5 steps to decipher past performance

Jun 24, 2014
To reach a holistic assessment, performance should be viewed adroitly to unearth a fund’s realistic potential.
 

If you have ever invested in mutual funds, chances are that you would have narrowed down on one that put up some very good numbers in the recent past. Despite the bold disclaimers about past performance not necessarily being sustained in the future, investors have a hard time resisting the numbers. Past performance is undoubtedly very luring, but should you rely on it?

1) No indicator of future returns

The late Benjamin Graham, globally renowned value investor and author, was of the opinion that past performance is useful in calculating the value of a mutual fund only so far as it is indicative of what is to come in the future. The key word being ‘indicative’.
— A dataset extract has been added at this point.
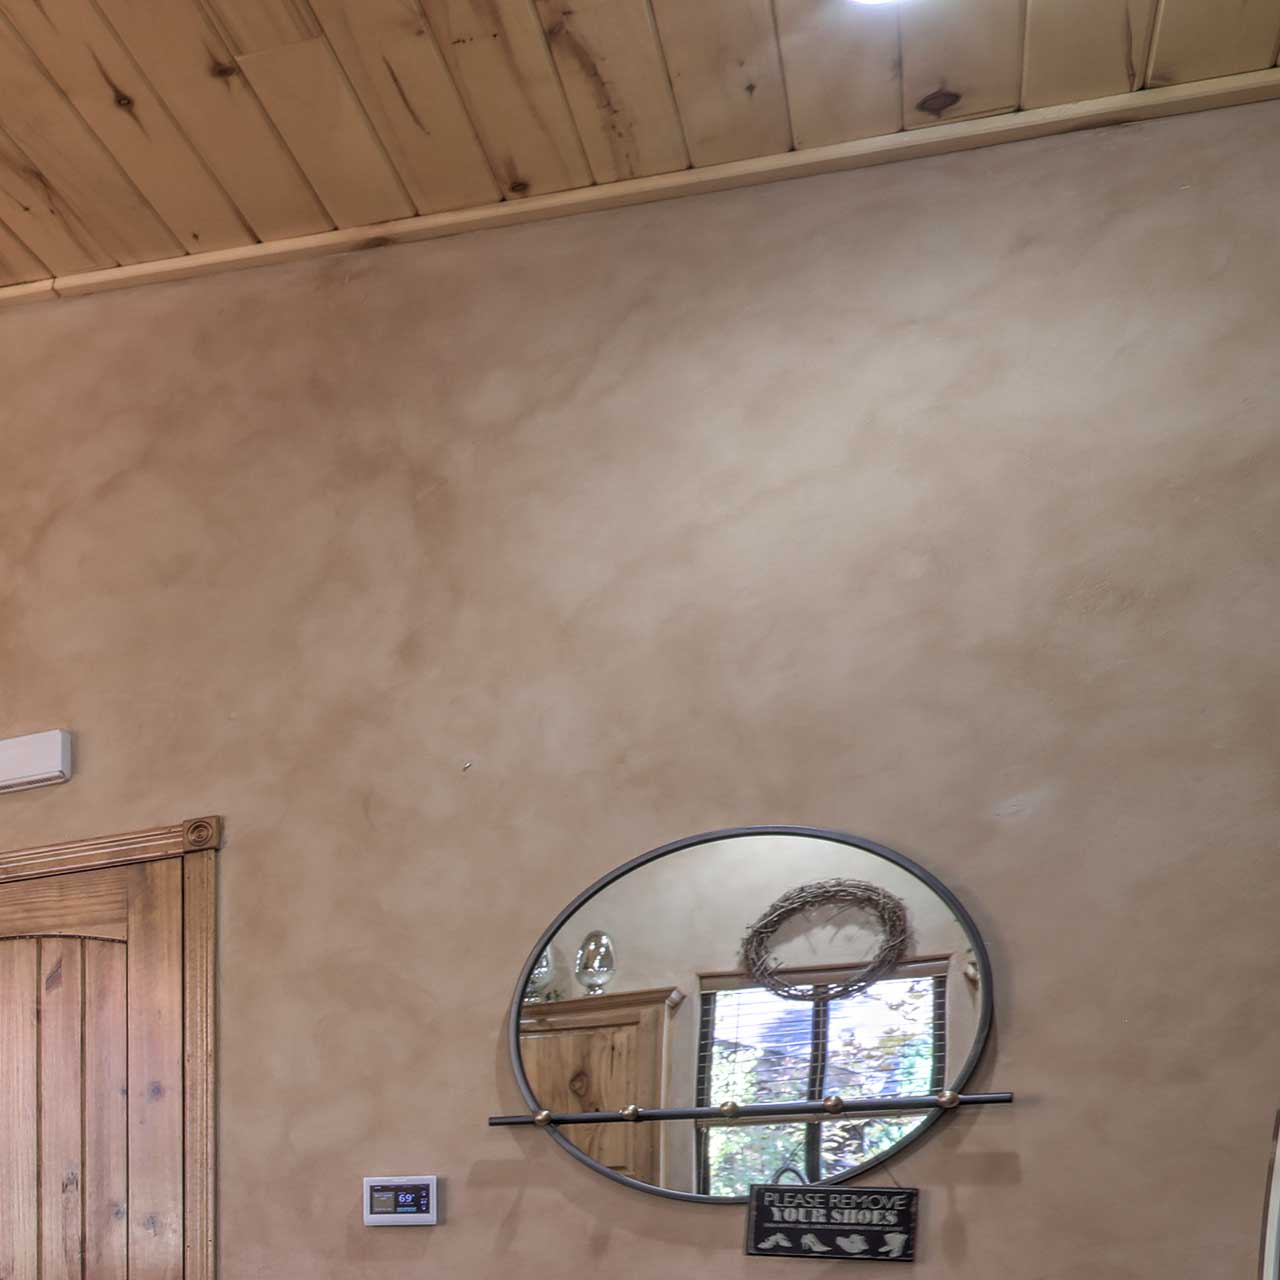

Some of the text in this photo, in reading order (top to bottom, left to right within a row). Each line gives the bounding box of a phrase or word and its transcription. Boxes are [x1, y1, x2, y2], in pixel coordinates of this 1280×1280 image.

[764, 1192, 907, 1210] PLEASE REMOVE
[770, 1206, 899, 1225] YOUR SHOES
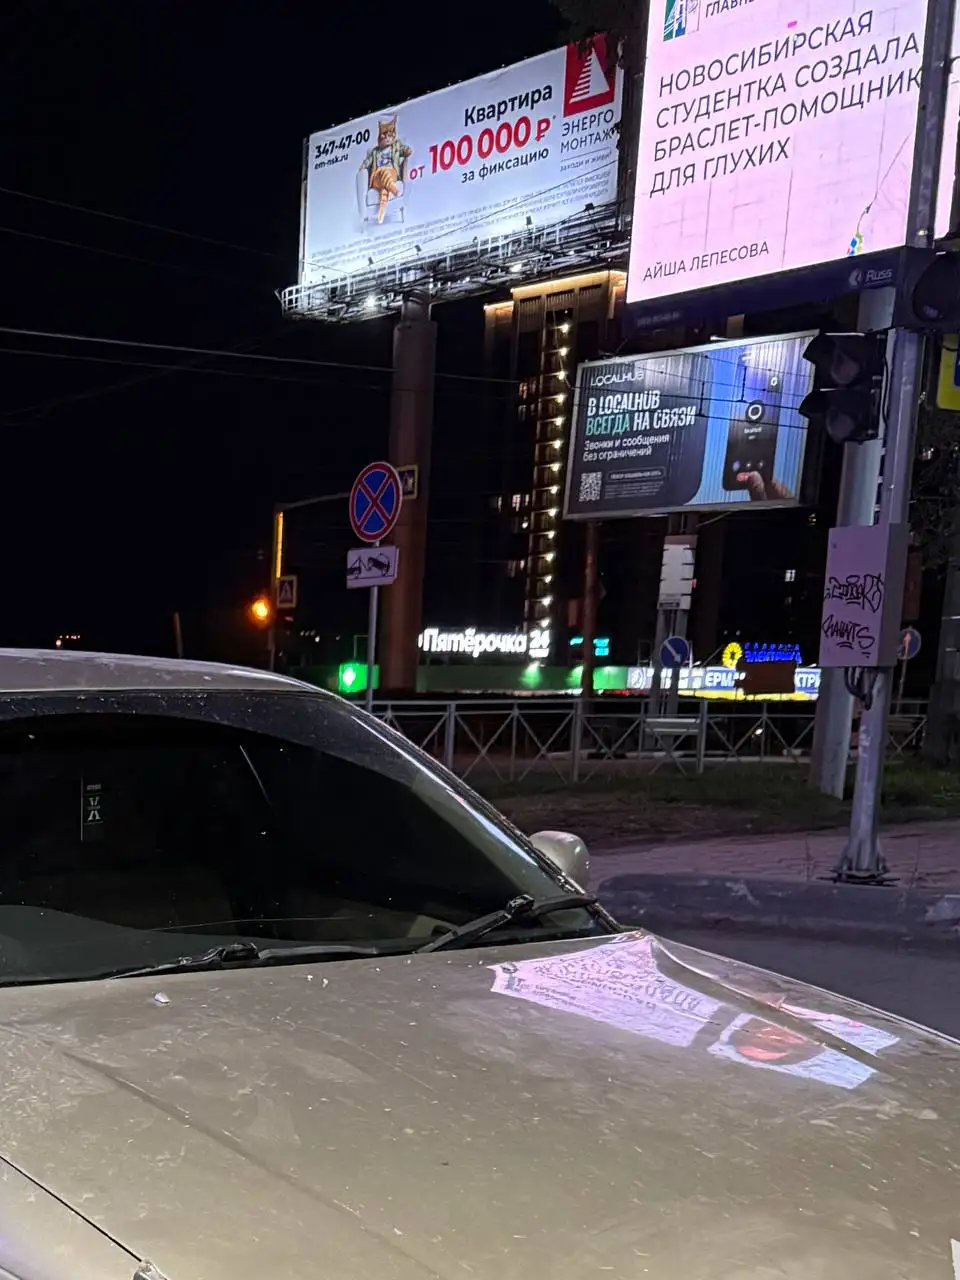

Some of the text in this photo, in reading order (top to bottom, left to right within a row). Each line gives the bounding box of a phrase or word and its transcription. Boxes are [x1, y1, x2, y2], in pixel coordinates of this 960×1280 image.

Think about it. A student who receives straight A’s throughout his entire academic career isn’t guaranteed to repeat this performance going forward. Having admitted that, it does give us some clue as to what one might expect in the future. In the same way, past performance plays a very important role in providing useful information in identifying future winners. However, it is absolutely no guarantee for future success. Performance data is remarkably informative but its predictive power is limited.

2) Consistency matters

When looking at past performance, pay attention to consistency. Don’t get swayed by a sporadic burst in numbers. Go for funds that put up a good performance on a consistent basis, rather than those that have a great run that immediately followed a dismal one.

When looking at returns, check to see how much it diverges from its peers and from its benchmark. All in all, this will give you a very realistic view of your fund’s ability to maintain a good performance.

3) Dig deeper

To get an accurate picture of a fund’s consistency and its ability to perform under different market conditions, don’t stick to the trailing returns. Trailing returns can obscure a lot of action under the surface. They could get skewed with a good one-year number. Back up your analysis with annual returns.

For instance, a fund may be topping the charts with a great 10-year return that might cloak some dismal years along the way. Would you want to live with a fund that can plummet during a year and then climb the charts furiously later? Look at how the fund did in 2007 and 2009 to see how it performed during market rallies and in periods such as 2008 to figure how it got battered during a bear phase. If the fund holds up well on the downside, it could hint at conservatism. On the other hand, it could be a perennial bull run winner that collapses during downturns.

4) Put the returns in context of strategy

Past returns are undoubtedly useful in assessing the effectiveness of a fund manager or strategy, but they must be put in context.

What do the pattern of returns say about the fund manager’s investment style? Can the numbers be reconciled with the fund’s stated investment approach? How has the fund performed during sharp rallies and market downdrafts? How much has been the divergence of returns when compared with the benchmark and its peers?

Past performance has turned out to be the most common selection criteria and does play a confirmatory role in the fund selection process but is not a divining rod. Using it in isolation can be harmful. A good fund may experience years of bad returns due to its strategy. A value fund may be languishing when growth stocks are ruling. Conversely, a not-so-impressive fund may have a good run simply because the market is favouring the stocks it owns.

Just as very strong recent performance often doesn't foretell strong returns ahead, the opposite is also true: The fund with very weak recent returns can end up on top.

5) Look at risk

What risk did the fund manager take to achieve that return? Did he just get lucky with his top holdings? One of the easiest ways for a fund to climb to the top of the return charts is to make a sizable bet on one or two sectors—or even a handful of individual stocks—that subsequently take off.

But risk-taking can cut both ways, and boldly positioned funds frequently experience long spells of poor performance after their hot streaks. If a fund is at the top of the charts during several trailing time periods, it's more important than ever to ask questions about what kind of risks it might be taking rather than assuming the manager can keep up the winning streak.